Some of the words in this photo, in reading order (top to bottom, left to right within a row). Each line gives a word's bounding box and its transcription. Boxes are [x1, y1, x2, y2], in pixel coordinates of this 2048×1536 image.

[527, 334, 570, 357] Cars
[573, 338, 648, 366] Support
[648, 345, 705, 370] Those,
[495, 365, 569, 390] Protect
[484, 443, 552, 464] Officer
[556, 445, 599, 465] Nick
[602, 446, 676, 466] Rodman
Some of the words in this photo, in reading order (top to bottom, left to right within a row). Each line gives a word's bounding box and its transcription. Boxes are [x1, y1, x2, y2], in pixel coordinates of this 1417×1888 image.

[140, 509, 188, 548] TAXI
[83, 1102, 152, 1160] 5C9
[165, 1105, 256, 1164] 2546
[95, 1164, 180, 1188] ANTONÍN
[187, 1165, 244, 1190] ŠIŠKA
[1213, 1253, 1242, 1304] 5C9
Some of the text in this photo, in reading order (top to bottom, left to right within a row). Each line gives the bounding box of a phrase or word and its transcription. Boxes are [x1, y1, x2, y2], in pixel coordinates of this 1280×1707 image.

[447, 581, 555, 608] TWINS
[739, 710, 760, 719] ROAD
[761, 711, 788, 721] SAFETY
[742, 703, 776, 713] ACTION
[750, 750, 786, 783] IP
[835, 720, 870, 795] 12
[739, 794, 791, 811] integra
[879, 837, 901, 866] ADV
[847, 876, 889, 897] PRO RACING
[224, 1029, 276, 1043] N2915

* _TASK DIRECTIONS_: Each line from the line holding "this 1417×1888 image." through the end of the material above is to be printed exactly, both ends included, and no other line is to appear.

* _TASK RESULT_:
Some of the words in this photo, in reading order (top to bottom, left to right within a row). Each line gives a word's bounding box and its transcription. Boxes are [x1, y1, x2, y2], in pixel coordinates of this 1417×1888 image.

[140, 509, 188, 548] TAXI
[83, 1102, 152, 1160] 5C9
[165, 1105, 256, 1164] 2546
[95, 1164, 180, 1188] ANTONÍN
[187, 1165, 244, 1190] ŠIŠKA
[1213, 1253, 1242, 1304] 5C9
Some of the text in this photo, in reading order (top to bottom, left to right within a row). Each line gives the bounding box of a phrase or word and its transcription. Boxes are [x1, y1, x2, y2], in pixel coordinates of this 1280×1707 image.

[447, 581, 555, 608] TWINS
[739, 710, 760, 719] ROAD
[761, 711, 788, 721] SAFETY
[742, 703, 776, 713] ACTION
[750, 750, 786, 783] IP
[835, 720, 870, 795] 12
[739, 794, 791, 811] integra
[879, 837, 901, 866] ADV
[847, 876, 889, 897] PRO RACING
[224, 1029, 276, 1043] N2915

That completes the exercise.